**Work to be completed:** Return the data below exactly, minus the pictures.

==== Supplied information

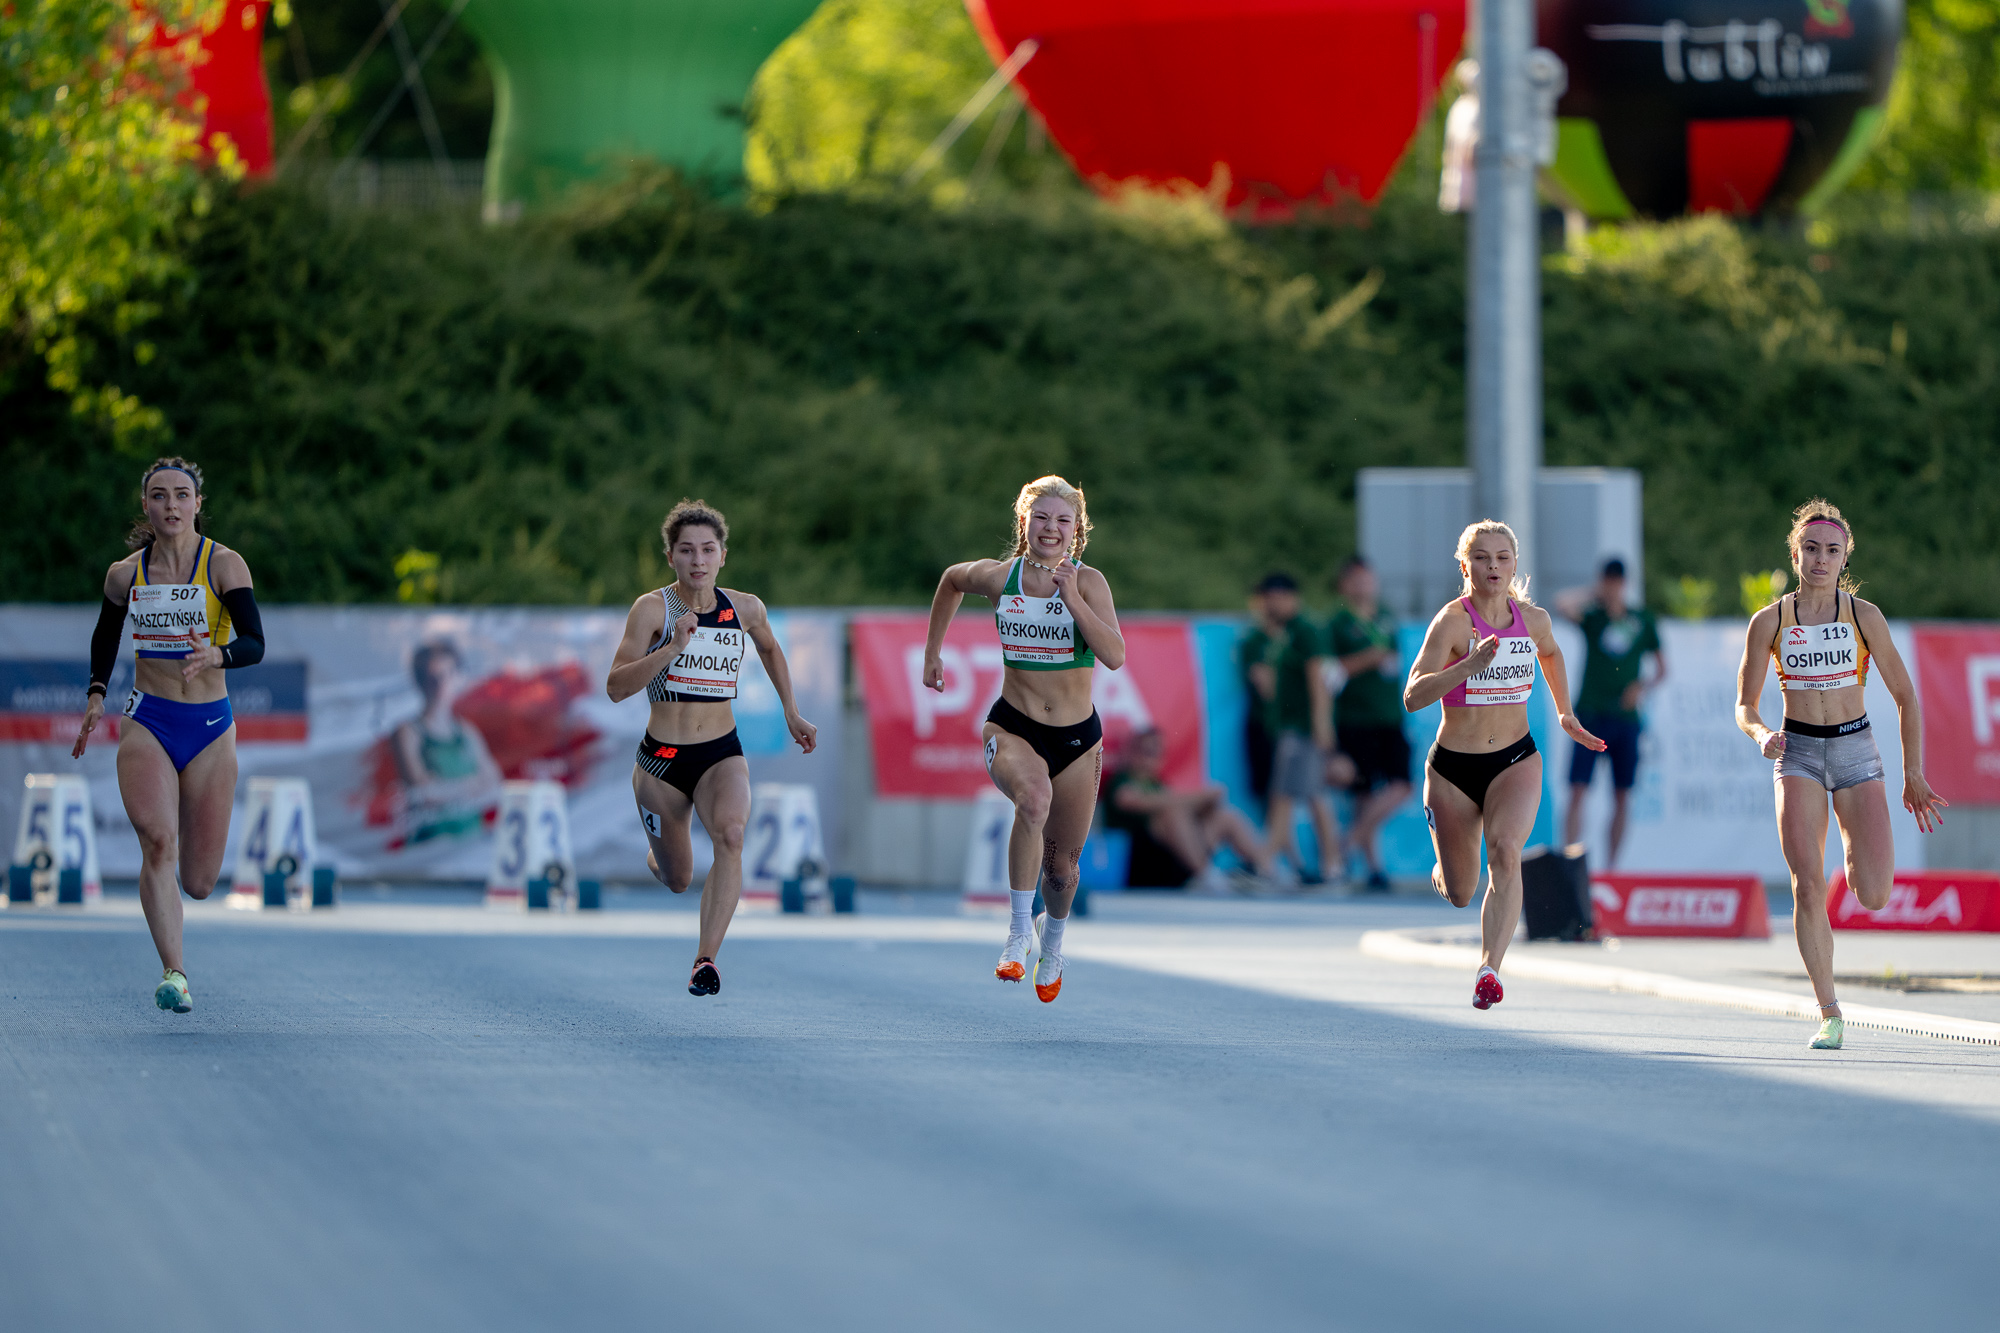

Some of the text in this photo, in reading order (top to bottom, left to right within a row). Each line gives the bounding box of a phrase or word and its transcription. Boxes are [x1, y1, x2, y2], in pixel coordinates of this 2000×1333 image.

[170, 588, 199, 601] 507
[1045, 602, 1063, 616] 98
[714, 632, 738, 646] 461
[1000, 620, 1070, 640] ŁYSKOWKA
[1822, 626, 1849, 640] 119
[1510, 640, 1532, 654] 226
[674, 653, 739, 676] ZIMOLĄG
[1786, 648, 1852, 668] OSIPIUK
[126, 690, 138, 713] 5
[906, 645, 1153, 739] PZA
[1839, 720, 1861, 733] NIKE
[986, 742, 994, 763] 3
[645, 813, 656, 833] 4

========

**Response:**
Some of the text in this photo, in reading order (top to bottom, left to right within a row). Each line gives the bounding box of a phrase or word and its transcription. Boxes are [x1, y1, x2, y2], in pixel coordinates of this 2000×1333 image.

[170, 588, 199, 601] 507
[1045, 602, 1063, 616] 98
[714, 632, 738, 646] 461
[1000, 620, 1070, 640] ŁYSKOWKA
[1822, 626, 1849, 640] 119
[1510, 640, 1532, 654] 226
[674, 653, 739, 676] ZIMOLĄG
[1786, 648, 1852, 668] OSIPIUK
[126, 690, 138, 713] 5
[906, 645, 1153, 739] PZA
[1839, 720, 1861, 733] NIKE
[986, 742, 994, 763] 3
[645, 813, 656, 833] 4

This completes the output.